__Task data__.
*** Block opens ***

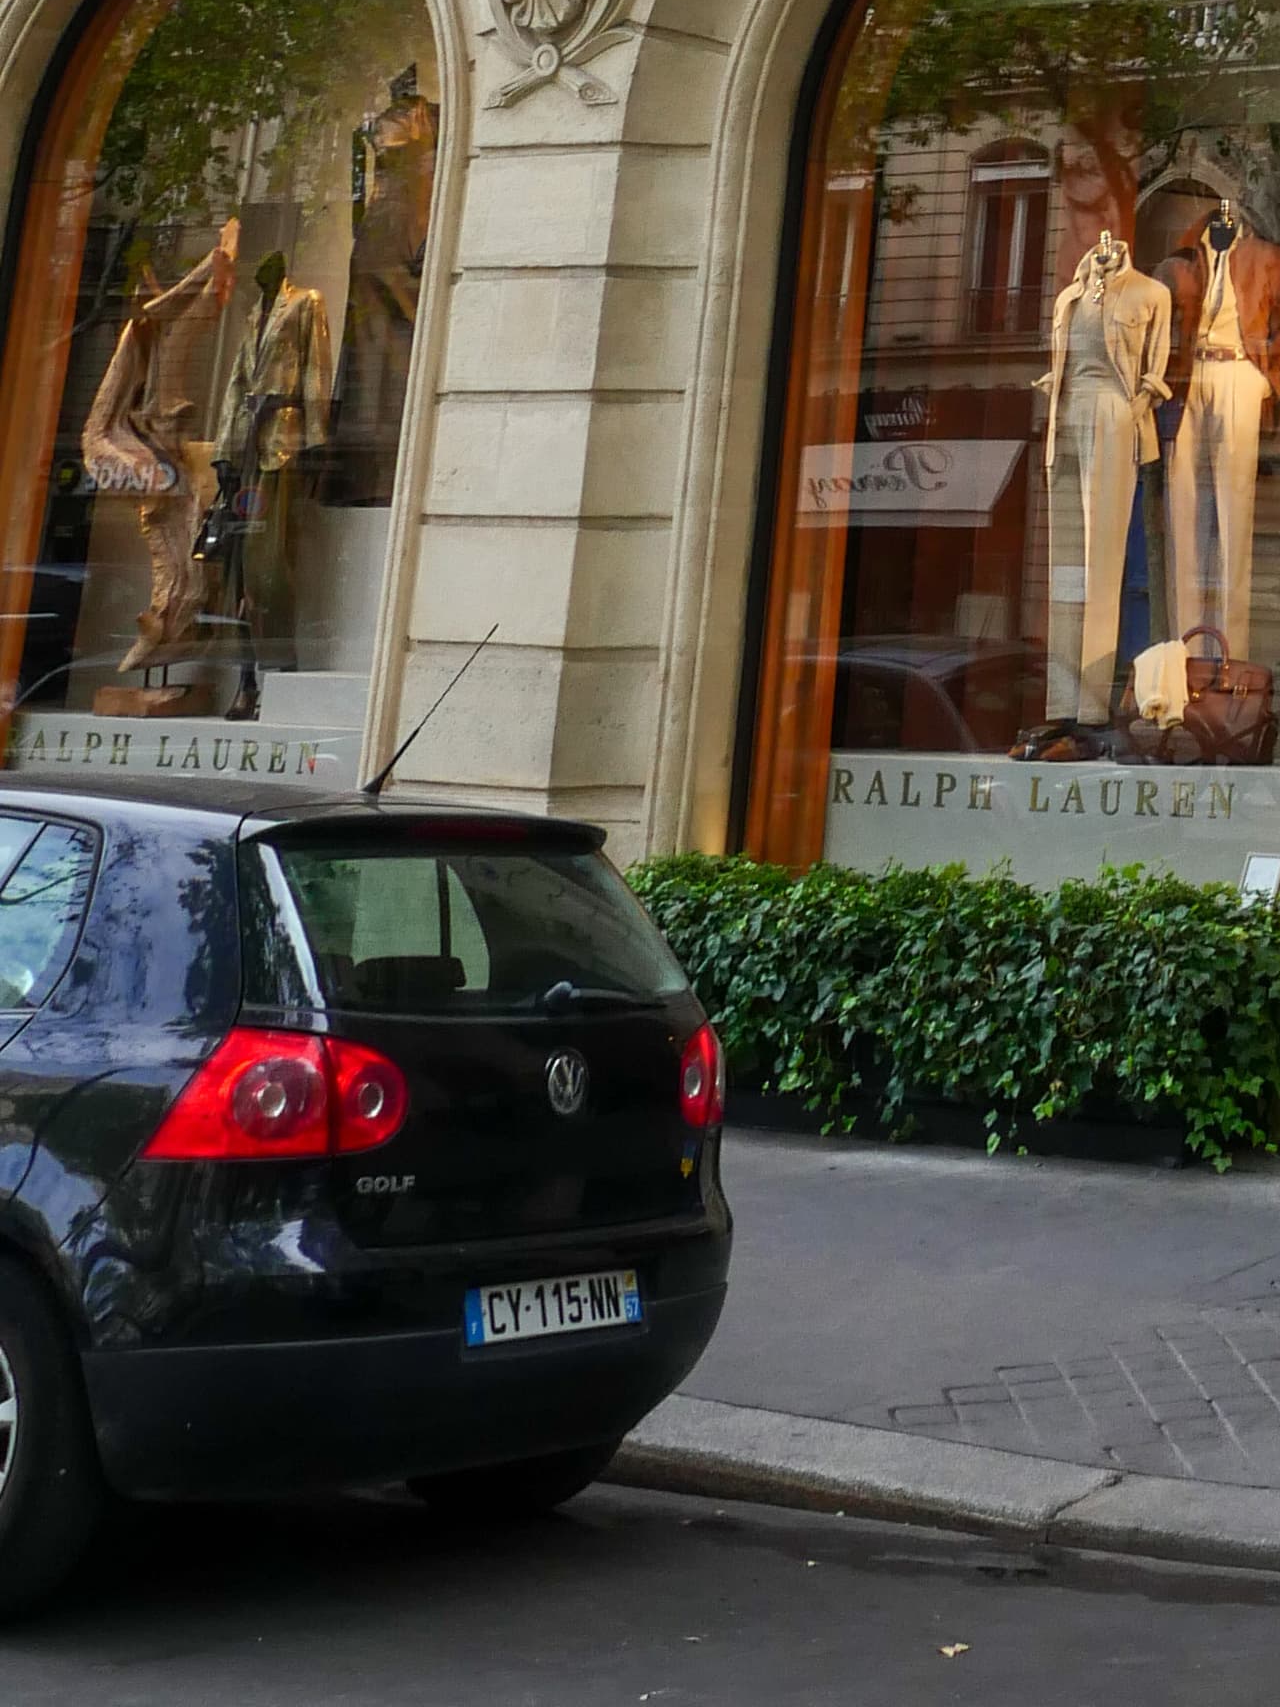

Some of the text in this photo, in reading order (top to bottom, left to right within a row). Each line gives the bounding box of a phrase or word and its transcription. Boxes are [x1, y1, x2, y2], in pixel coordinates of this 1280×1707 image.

[157, 736, 320, 775] LAUREN
[832, 769, 1235, 819] RALPH LAUREN
[356, 1175, 416, 1194] GOLF
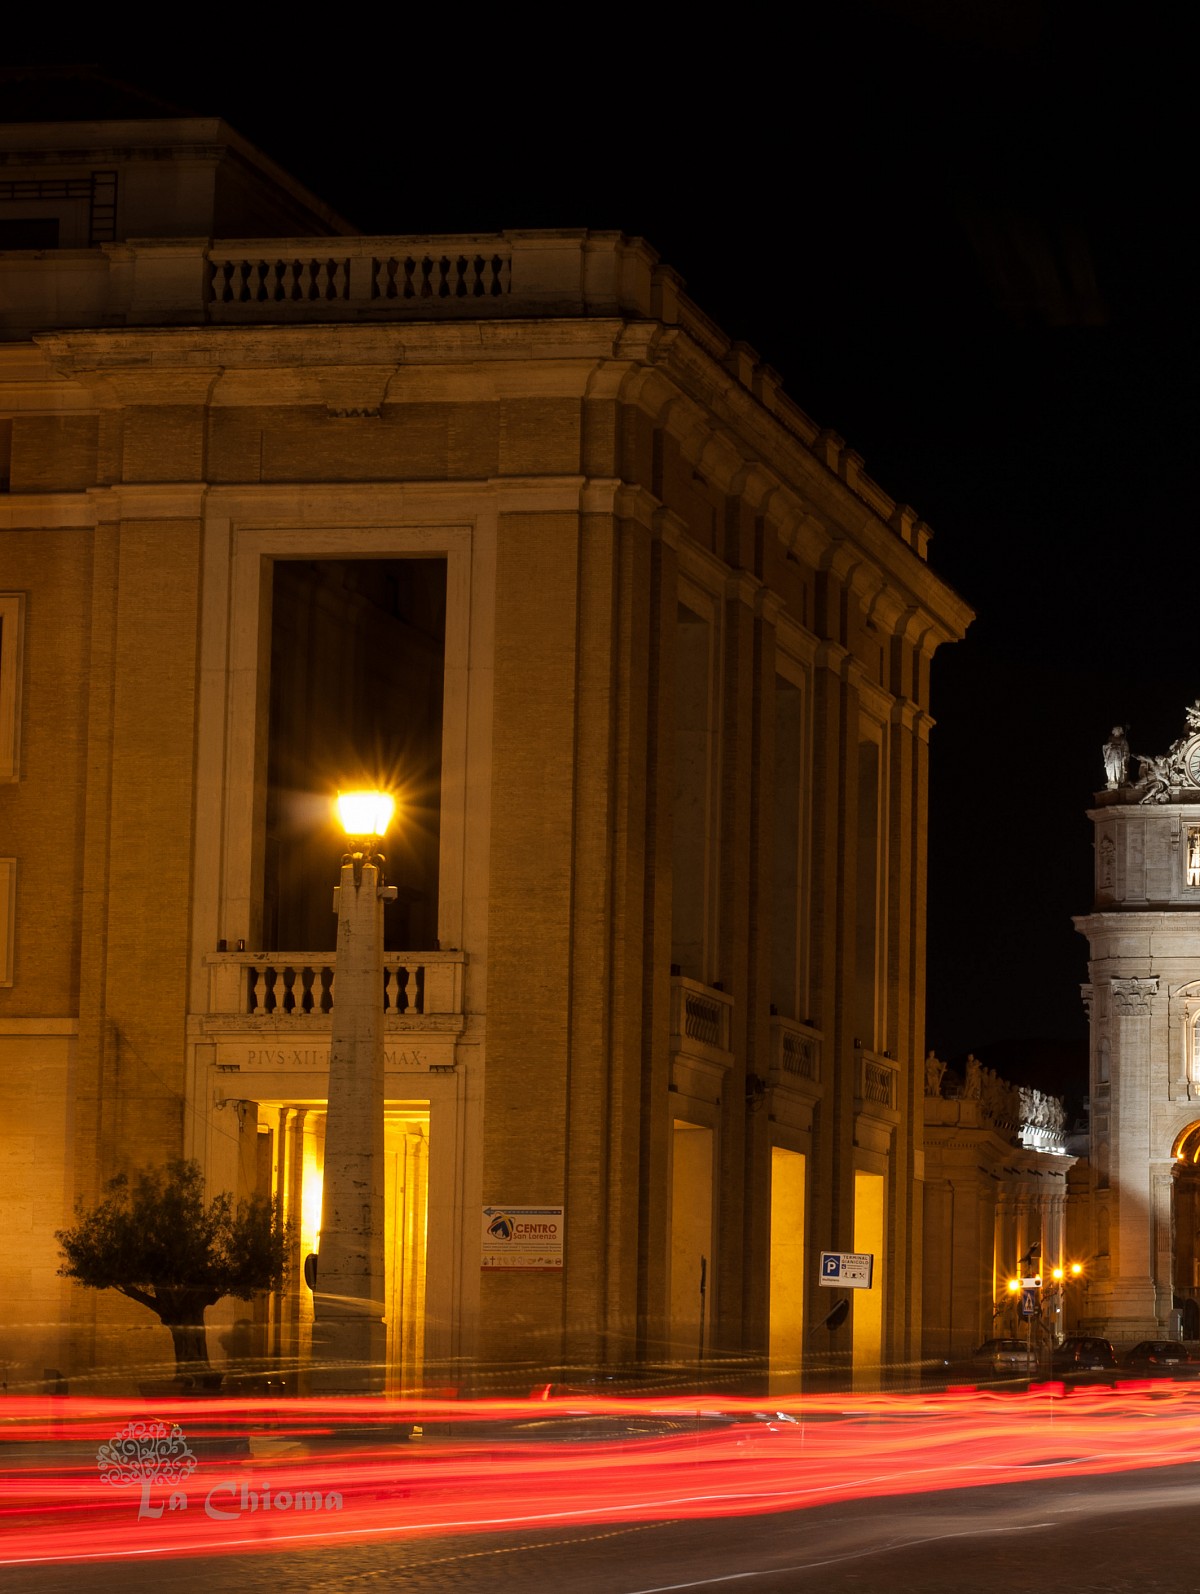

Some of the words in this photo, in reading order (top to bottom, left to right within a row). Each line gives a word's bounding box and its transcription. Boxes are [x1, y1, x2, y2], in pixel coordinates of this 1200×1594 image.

[248, 1050, 285, 1065] PIVS
[293, 1050, 316, 1065] XII
[515, 1223, 557, 1234] CENTRO
[513, 1232, 527, 1240] San
[528, 1232, 557, 1240] Lorenzo
[826, 1261, 837, 1274] P

*** Block closes ***

__Task goal__.
When you copy the lines above, drop the pictures and keep everything else exact.

__Solution to this exercise__.
Some of the text in this photo, in reading order (top to bottom, left to right within a row). Each line gives the bounding box of a phrase or word and its transcription. Boxes are [x1, y1, x2, y2], in pixel coordinates of this 1280×1707 image.

[157, 736, 320, 775] LAUREN
[832, 769, 1235, 819] RALPH LAUREN
[356, 1175, 416, 1194] GOLF

Some of the words in this photo, in reading order (top to bottom, left to right within a row). Each line gives a word's bounding box and its transcription. Boxes are [x1, y1, x2, y2], in pixel coordinates of this 1200×1594 image.

[248, 1050, 285, 1065] PIVS
[293, 1050, 316, 1065] XII
[515, 1223, 557, 1234] CENTRO
[513, 1232, 527, 1240] San
[528, 1232, 557, 1240] Lorenzo
[826, 1261, 837, 1274] P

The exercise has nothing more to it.